**Problem to work on**
Any image in the records should be left out; output everything else exactly.

BEGIN

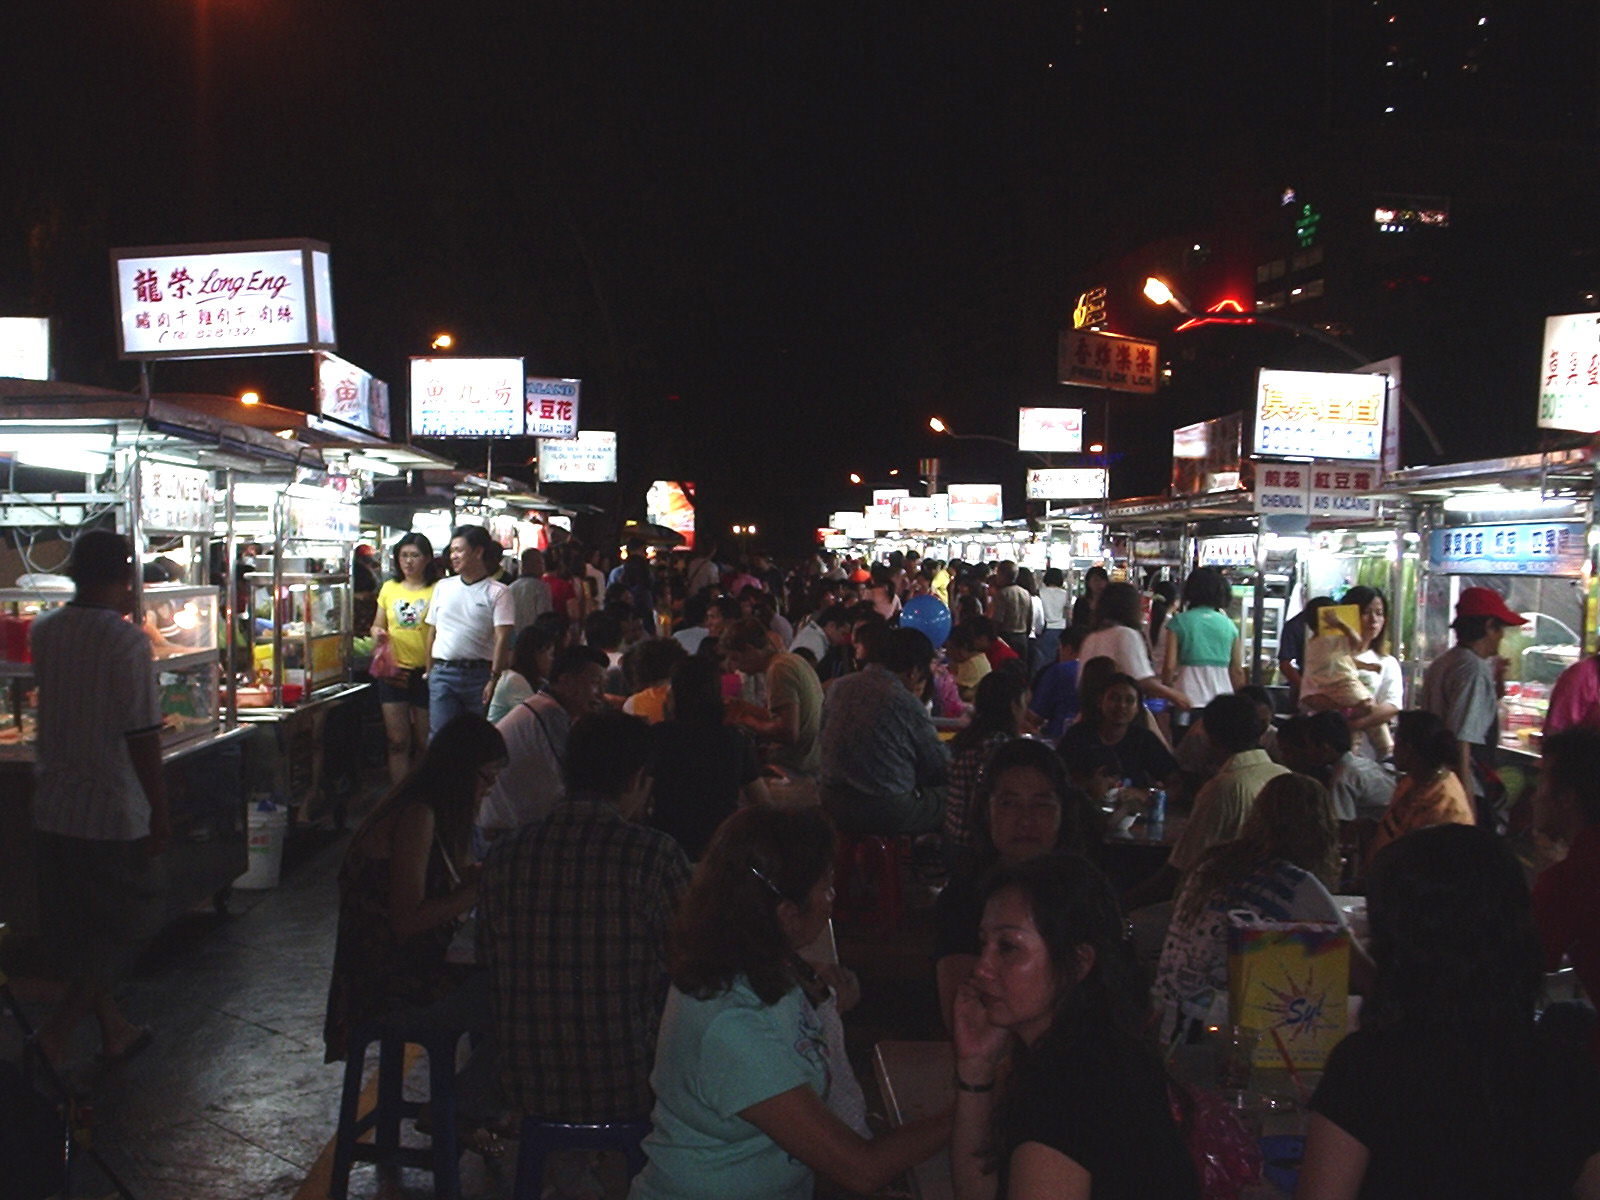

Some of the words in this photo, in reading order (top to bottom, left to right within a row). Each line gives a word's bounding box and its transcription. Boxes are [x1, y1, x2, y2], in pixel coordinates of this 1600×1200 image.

[132, 266, 194, 303] 龍榮
[197, 267, 244, 300] Long
[247, 270, 292, 299] Eng
[1313, 496, 1330, 510] AIS
[1332, 495, 1371, 511] KACANG
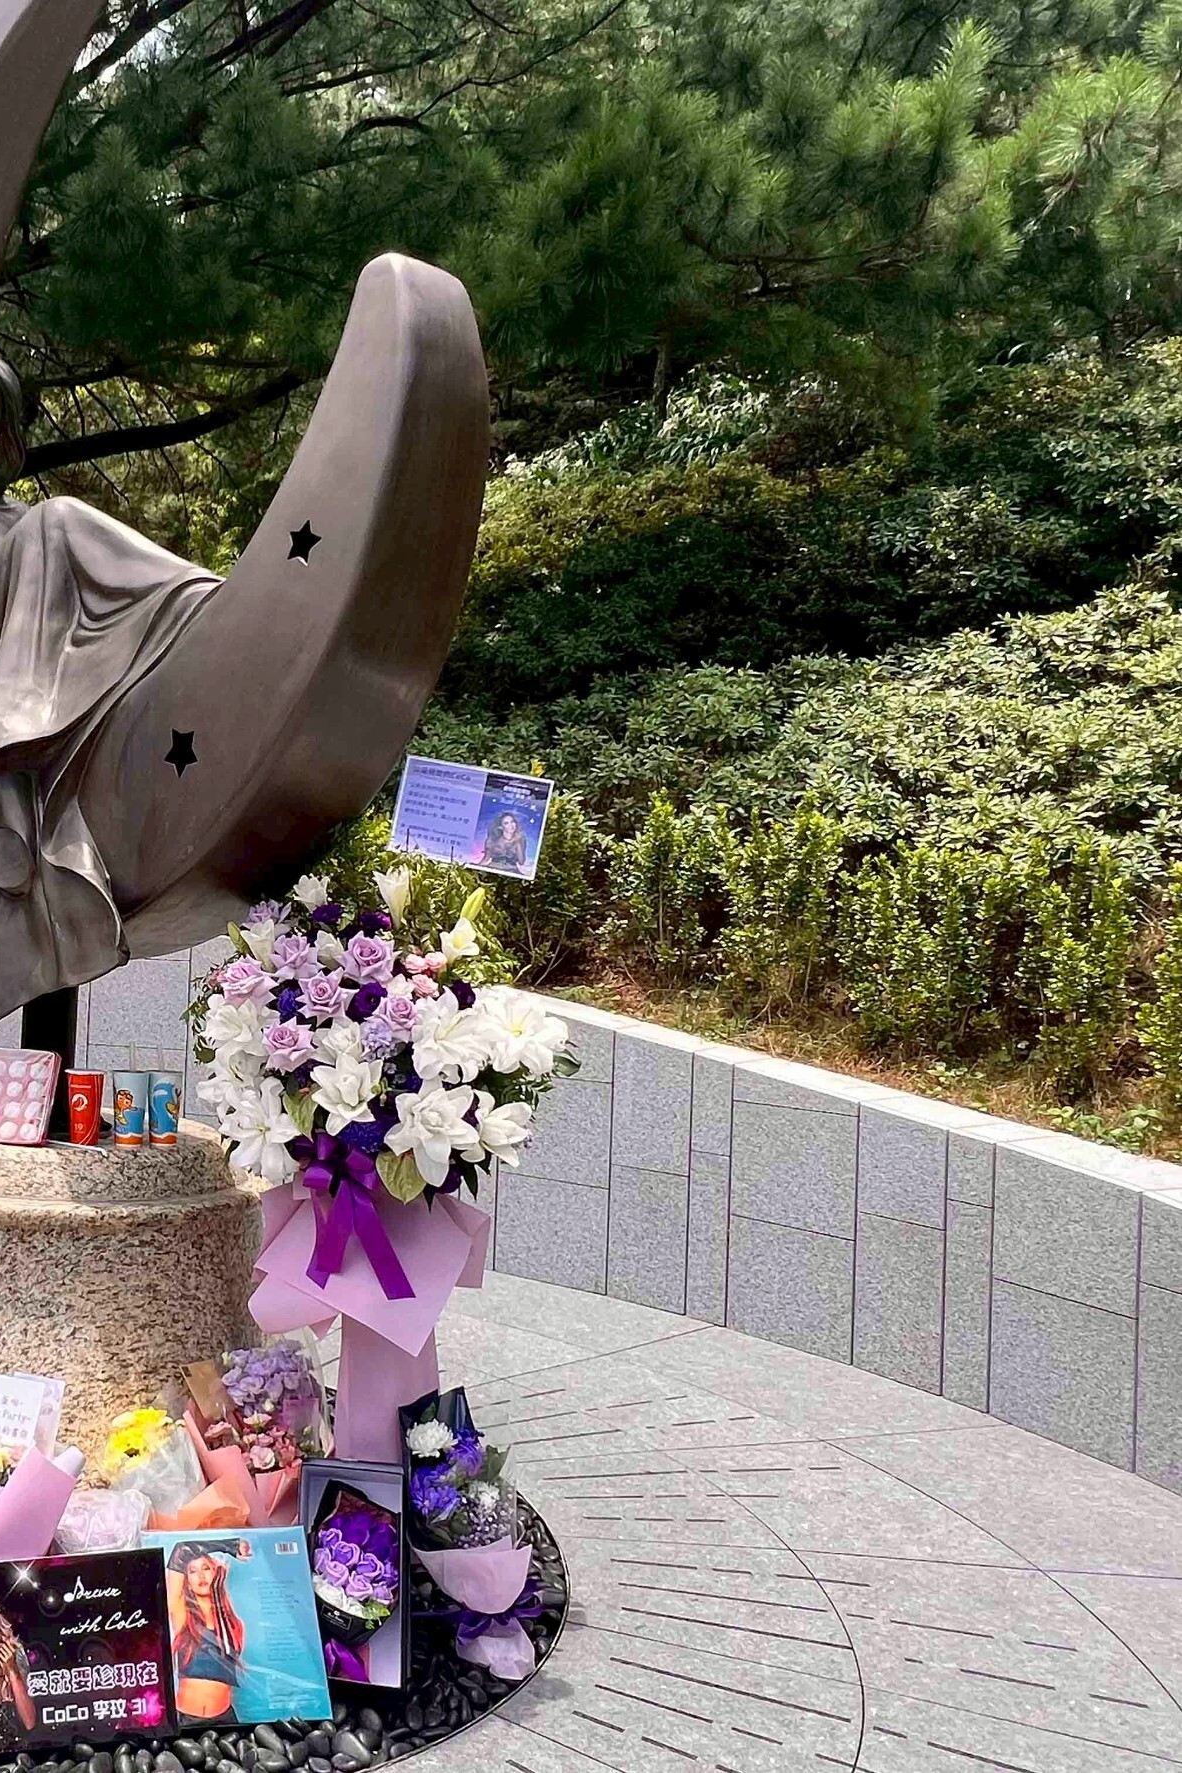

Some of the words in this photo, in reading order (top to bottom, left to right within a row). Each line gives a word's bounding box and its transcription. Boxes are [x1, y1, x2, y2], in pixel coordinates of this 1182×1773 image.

[59, 1615, 102, 1635] with
[104, 1609, 149, 1631] CoCo
[42, 1705, 89, 1724] CoCo
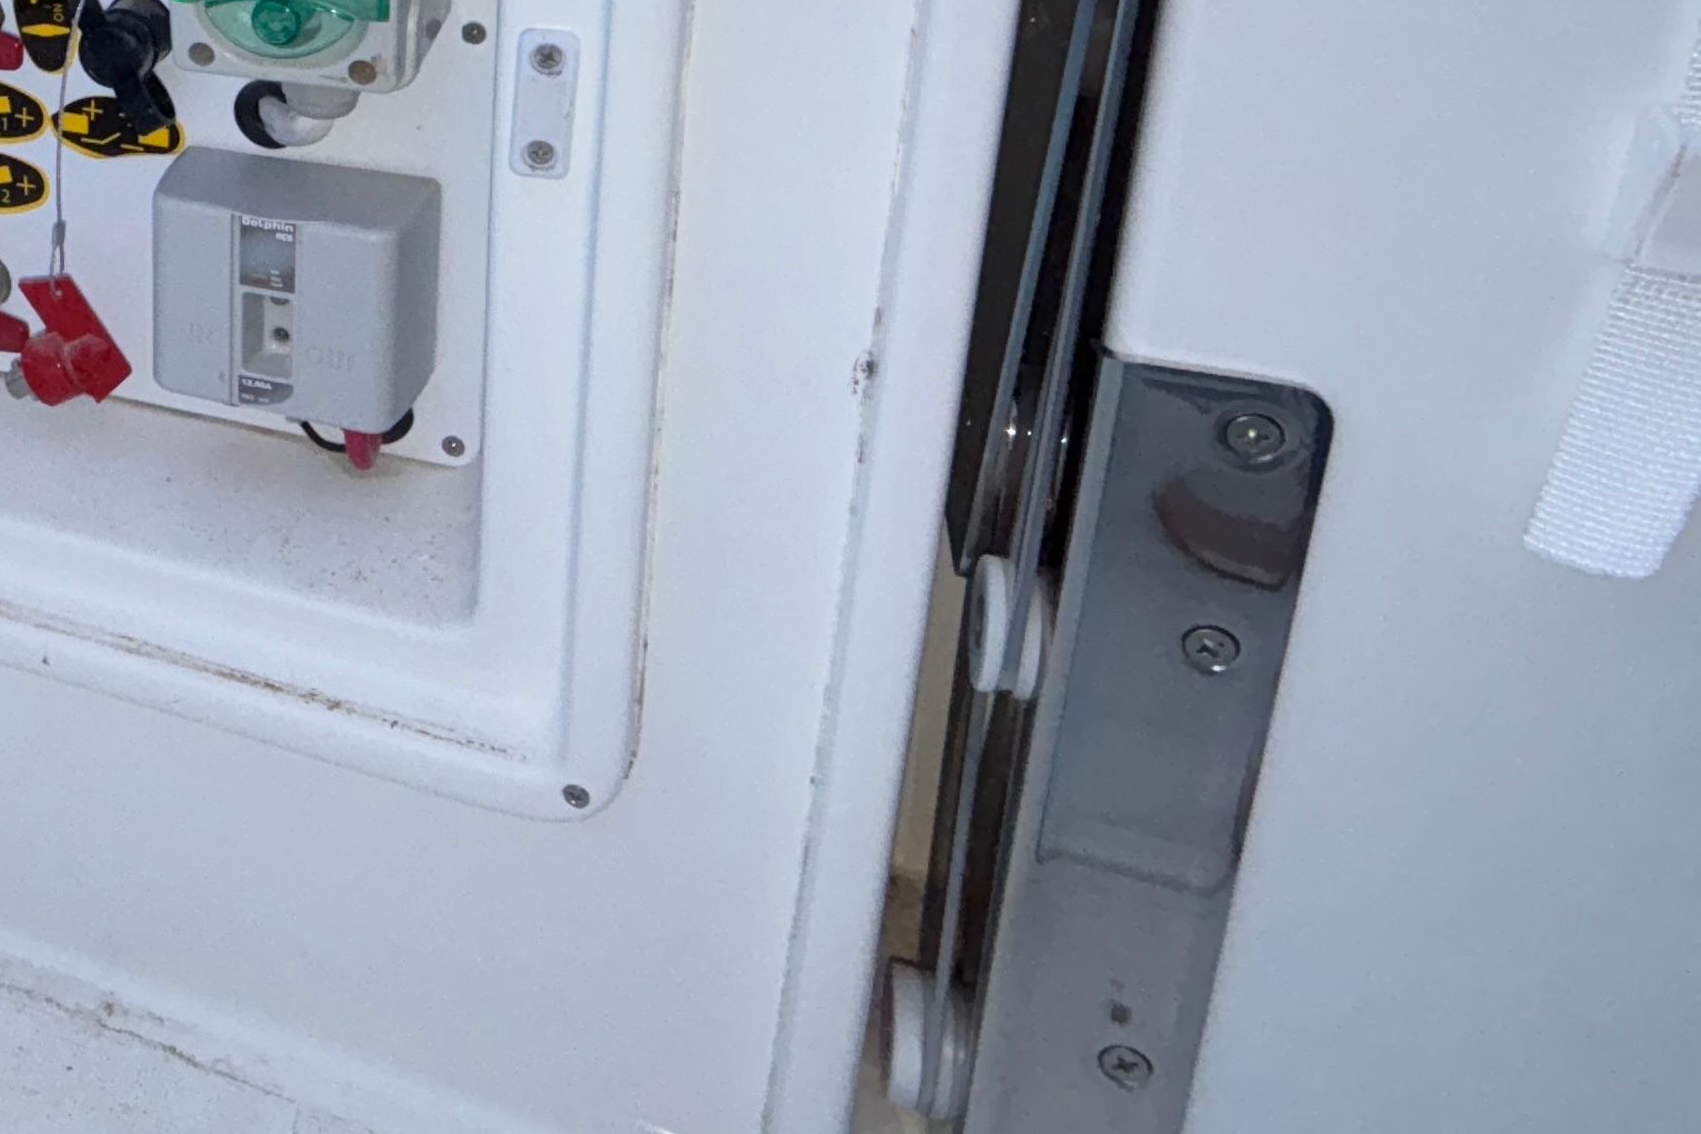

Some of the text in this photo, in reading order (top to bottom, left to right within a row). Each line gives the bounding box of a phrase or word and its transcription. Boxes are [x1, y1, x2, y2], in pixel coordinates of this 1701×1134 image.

[53, 3, 64, 22] ON
[1, 117, 8, 131] 1
[1, 189, 11, 203] 2
[242, 215, 294, 232] Dolphin

END

**Written response**
Some of the words in this photo, in reading order (top to bottom, left to right within a row). Each line gives a word's bounding box and its transcription. Boxes are [x1, y1, x2, y2], in pixel coordinates of this 1600×1200 image.

[132, 266, 194, 303] 龍榮
[197, 267, 244, 300] Long
[247, 270, 292, 299] Eng
[1313, 496, 1330, 510] AIS
[1332, 495, 1371, 511] KACANG

Some of the words in this photo, in reading order (top to bottom, left to right within a row). Each line gives a word's bounding box and its transcription. Boxes are [x1, y1, x2, y2], in pixel coordinates of this 1182×1773 image.

[59, 1615, 102, 1635] with
[104, 1609, 149, 1631] CoCo
[42, 1705, 89, 1724] CoCo

Some of the text in this photo, in reading order (top to bottom, left to right within a row). Each line gives the bounding box of a phrase or word and its transcription. Boxes are [x1, y1, x2, y2], in pixel coordinates of this 1701×1134 image.

[53, 3, 64, 22] ON
[1, 117, 8, 131] 1
[1, 189, 11, 203] 2
[242, 215, 294, 232] Dolphin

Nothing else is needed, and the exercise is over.